Task details
Return every record below exactly; leave out the images.
+ + +
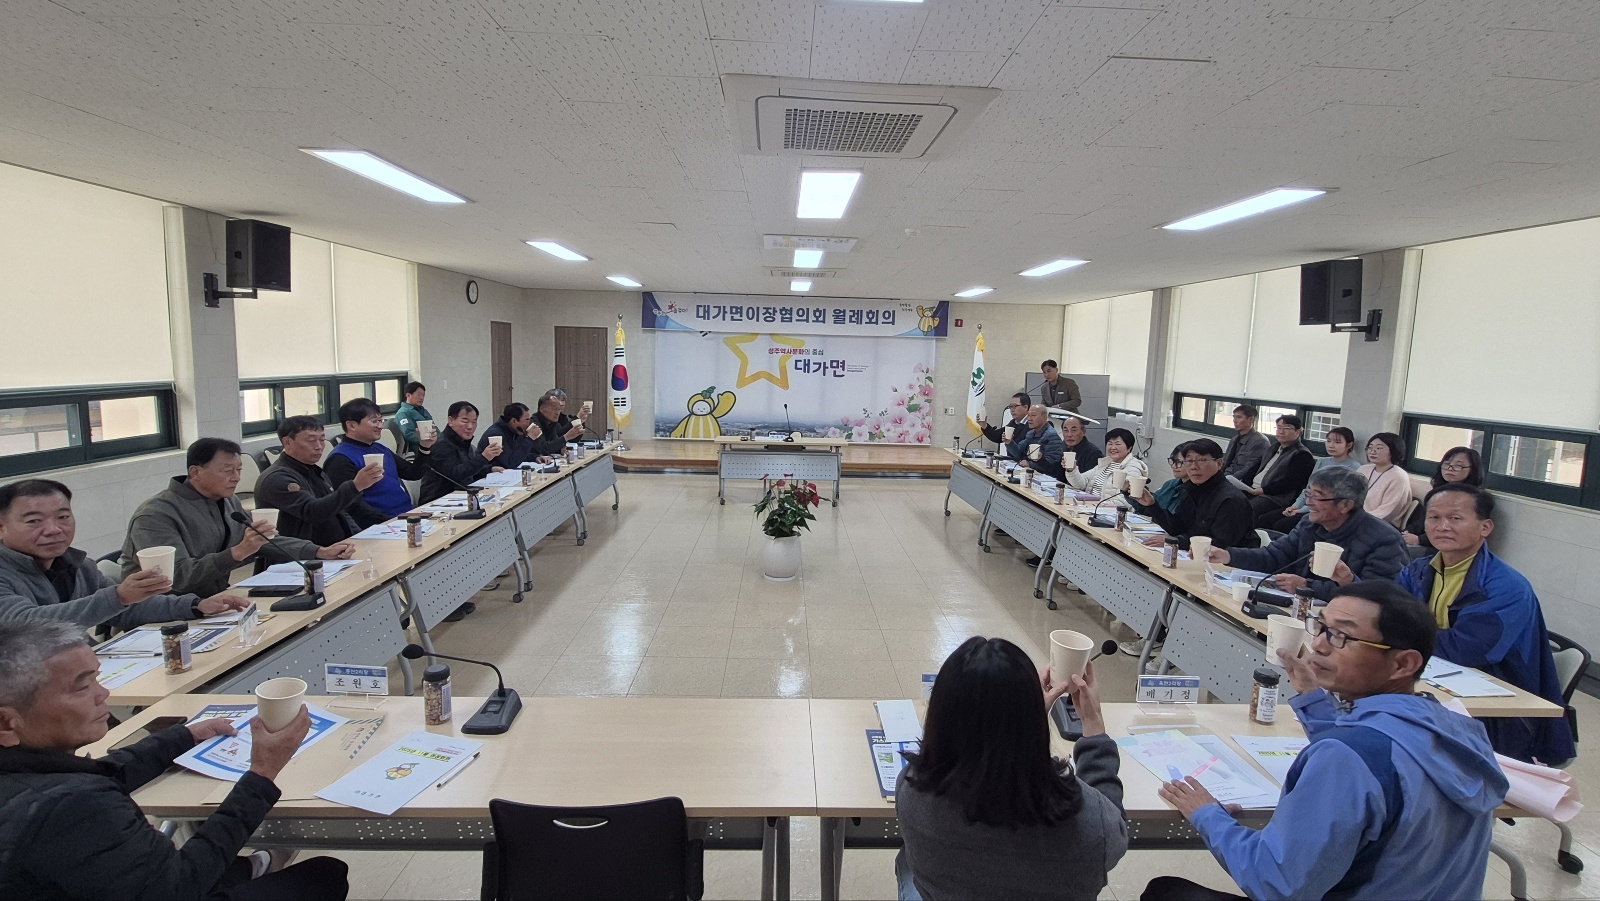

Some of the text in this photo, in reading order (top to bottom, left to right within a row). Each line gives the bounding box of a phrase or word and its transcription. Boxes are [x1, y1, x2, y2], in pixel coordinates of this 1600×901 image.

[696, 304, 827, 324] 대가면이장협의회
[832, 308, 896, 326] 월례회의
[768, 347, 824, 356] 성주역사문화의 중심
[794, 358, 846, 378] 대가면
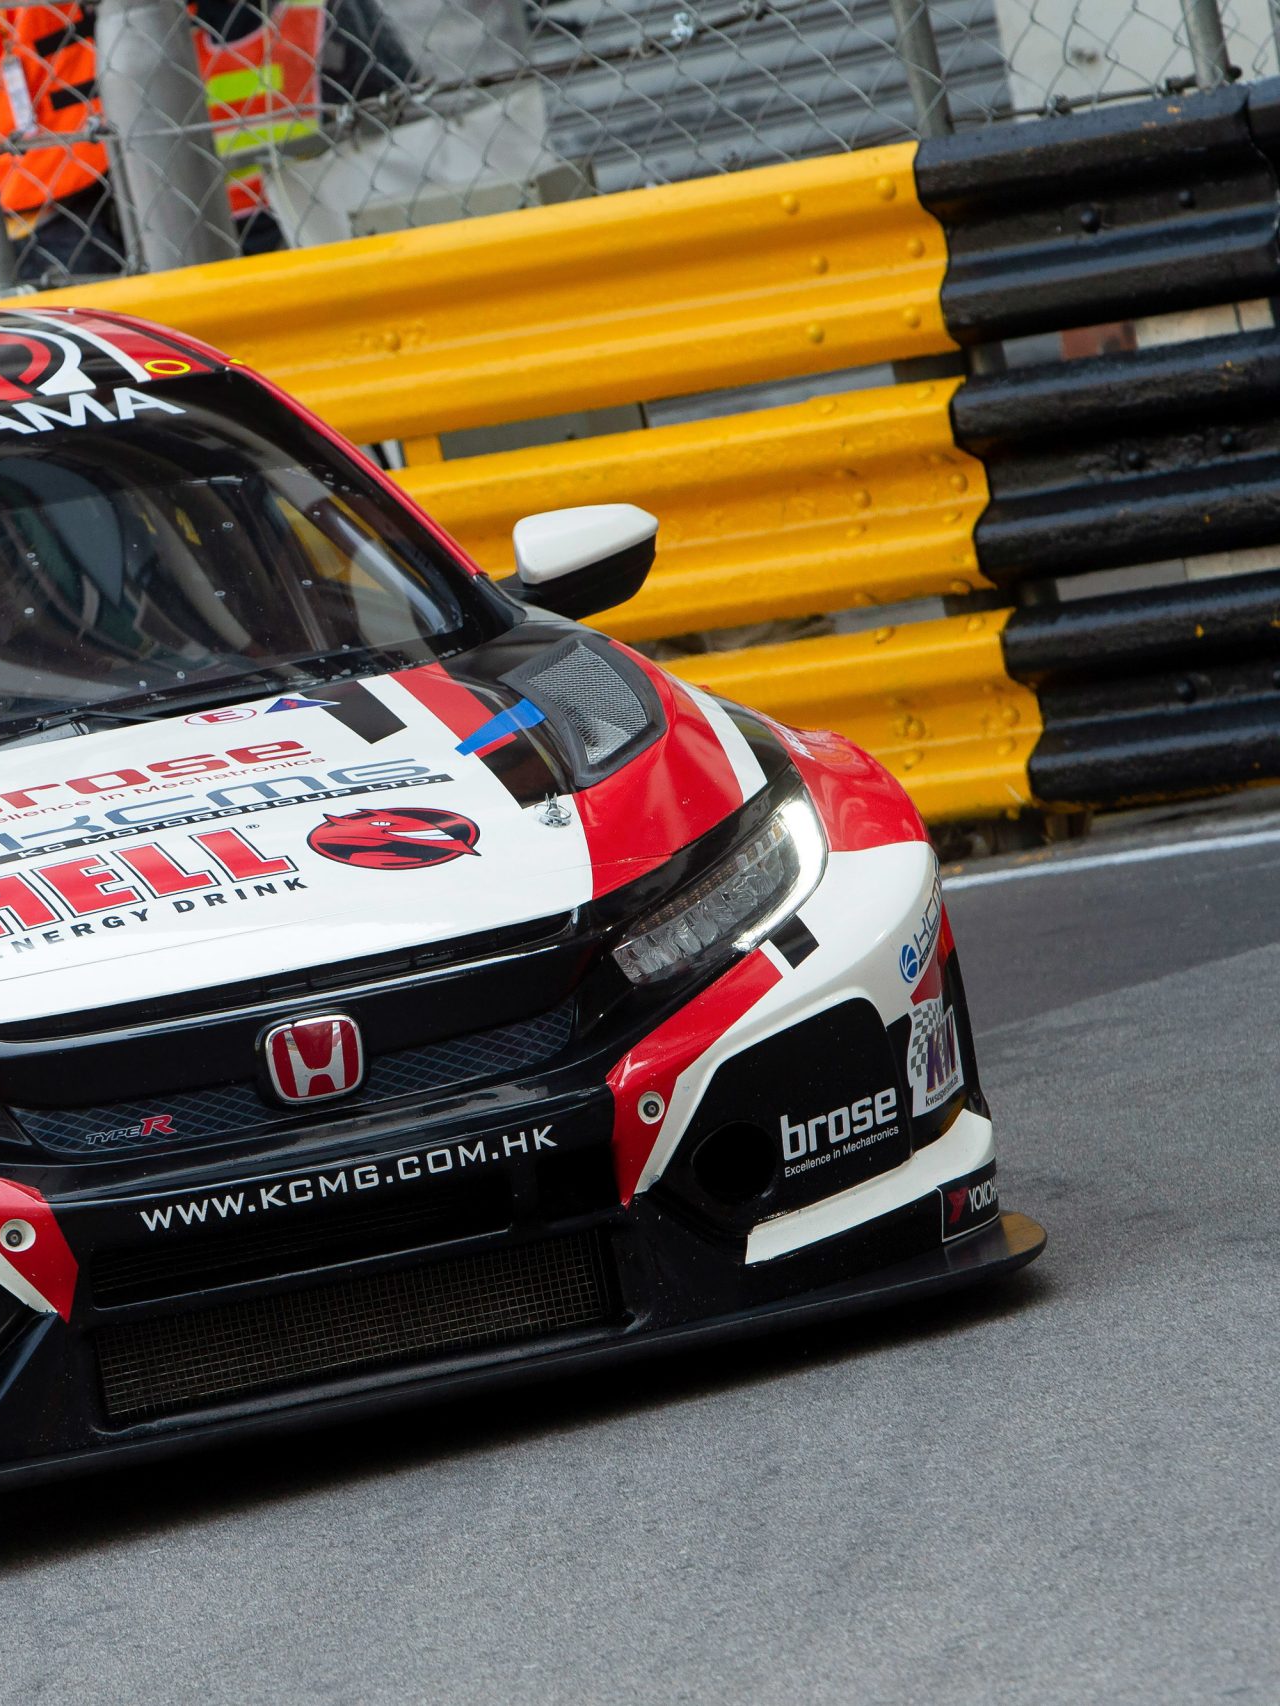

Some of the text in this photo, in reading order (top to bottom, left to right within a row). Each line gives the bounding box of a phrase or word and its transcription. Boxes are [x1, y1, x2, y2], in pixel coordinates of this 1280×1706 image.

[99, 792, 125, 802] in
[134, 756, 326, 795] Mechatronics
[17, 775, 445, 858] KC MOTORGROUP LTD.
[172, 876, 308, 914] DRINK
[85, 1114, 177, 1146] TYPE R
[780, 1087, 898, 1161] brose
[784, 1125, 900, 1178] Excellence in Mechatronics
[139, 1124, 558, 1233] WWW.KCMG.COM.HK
+ + +
Answer for the task
Some of the text in this photo, in reading order (top to bottom, left to right within a row). Each line gives the bounding box of a phrase or word and its transcription. Boxes are [x1, y1, x2, y2], in pixel coordinates of this 1600×901 image.

[696, 304, 827, 324] 대가면이장협의회
[832, 308, 896, 326] 월례회의
[768, 347, 824, 356] 성주역사문화의 중심
[794, 358, 846, 378] 대가면

Some of the text in this photo, in reading order (top to bottom, left to right within a row). Each line gives the bounding box of a phrase or word and its transcription. Boxes are [x1, y1, x2, y2], in pixel coordinates of this 1280×1706 image.

[99, 792, 125, 802] in
[134, 756, 326, 795] Mechatronics
[17, 775, 445, 858] KC MOTORGROUP LTD.
[172, 876, 308, 914] DRINK
[85, 1114, 177, 1146] TYPE R
[780, 1087, 898, 1161] brose
[784, 1125, 900, 1178] Excellence in Mechatronics
[139, 1124, 558, 1233] WWW.KCMG.COM.HK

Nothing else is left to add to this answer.